Supercomputing’s Future Is Green and Interconnected

Dina Genkina

from IEEE Spectrum on 2024-03-20 16:58 (#6KG94)

a-black-wall-with-a-cage-like-metal-piec

While the Top500 list ranks the 500 biggest high-performance computers (HPCs) in the world, its cousin the Green500 reranks the same 500 supercomputers according to their energy efficiency. For the last three iterations of the list, Henri-a small supercomputer operated by the Flatiron Institute, in New York City-has been named the world's most energy-efficient high-performance computer. Built in the fall of 2022, Henri was the first system to use Nvidia's H100 GPUs, a.k.a Hopper.

To learn the secrets of building and maintaining the most energy-efficient supercomputer, we caught up with Henri's architect, Ian Fisk, who is codirector of the Scientific Computing Core at the Flatiron Institute. Flatiron is an internal research division of the Simons Foundation that brings together researchers using modern computational tools to advance our understanding of science.

The Flatiron Insitute's Ian Fisk on...

IEEE Spectrum: Where did the name Henri come from?

Ian Fisk: The name came about for a silly reason. Our previous machine was called Rusty. So, when asked by the vendor what the machine name was going to be, we said, Well, by our naming convention, it'll be Rusty, and it's using [Nvidia's] H100 chip, so it'd be Rusty Hopper.' But Rusty Hopper sounds like a country singer from the 1980s, so they didn't want to call it that. And one of the Nvidia engineers who decided that you might be able to actually build a machine that would make the Top500 and be the top of the Green500 had just had a son named Henri. So, we were asked by the vendor if we might consider naming it after that person, which we thought was sweet.

Since the Green500 measures performance per watt, it doesn't matter how fast you are, it matters how fast you are for how many watts you used. -Ian Fisk, Flatiron Institute

Did you set out to build the world's greenest supercomputer?

Fisk: Nvidia sold us that gear at an educational-discount price in part because we were aiming for this benchmark. It was good for us because it gave us some exposure, but we really wanted the hardware for the scientists, and it was a way for us to get access to H100s very early. But to do that, we had to do the test in November 2022. So the equipment came to the loading dock in October, and it was assembled into a computer and then tested in record time. If there was an award for the fast 500, we would also be the winner.

My Trip to See Henri

A few weeks ago, I hopped on a train from the bustling Penn Station of New York City to the land of warehouses and outlet malls known as Secaucus, N.J., just 10 minutes away by NJTransit.

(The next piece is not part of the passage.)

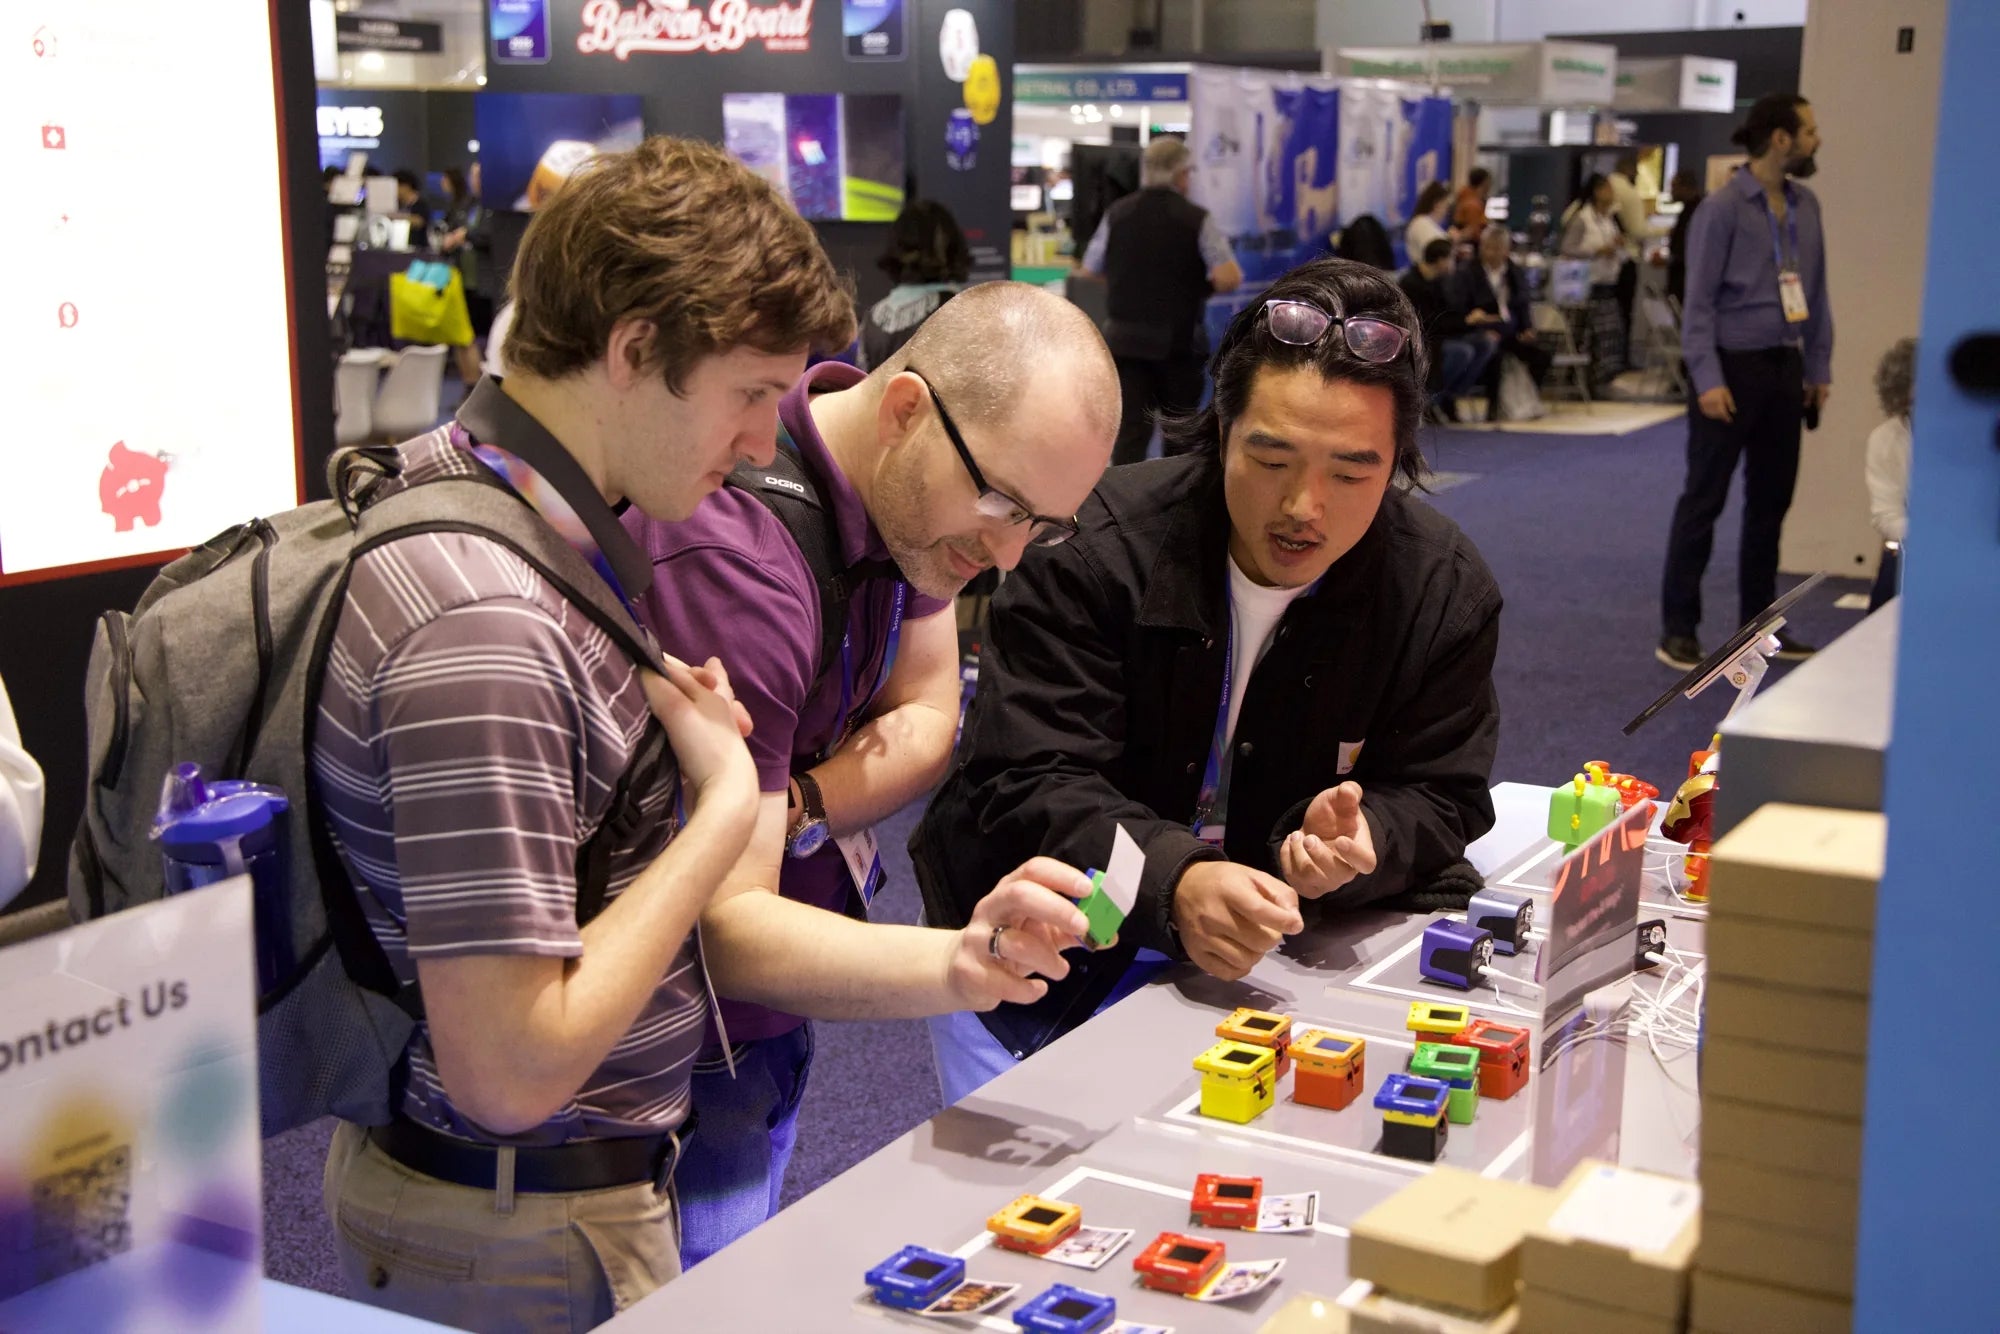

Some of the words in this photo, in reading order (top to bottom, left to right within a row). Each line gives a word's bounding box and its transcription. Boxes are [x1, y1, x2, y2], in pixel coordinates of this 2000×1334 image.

I was on my way to witness first-hand Henri, the world's greenest supercomputer one and a half years running, according to the Green500 list. On the train over, my guide, Henri's architect and caregiver Ian Fisk told me: Prepare to be disappointed." Fisk is a former research physicist, a breed with which I am familiar, and among whom self-deprecation runs rampant. Knowing this, I did not heed his warning.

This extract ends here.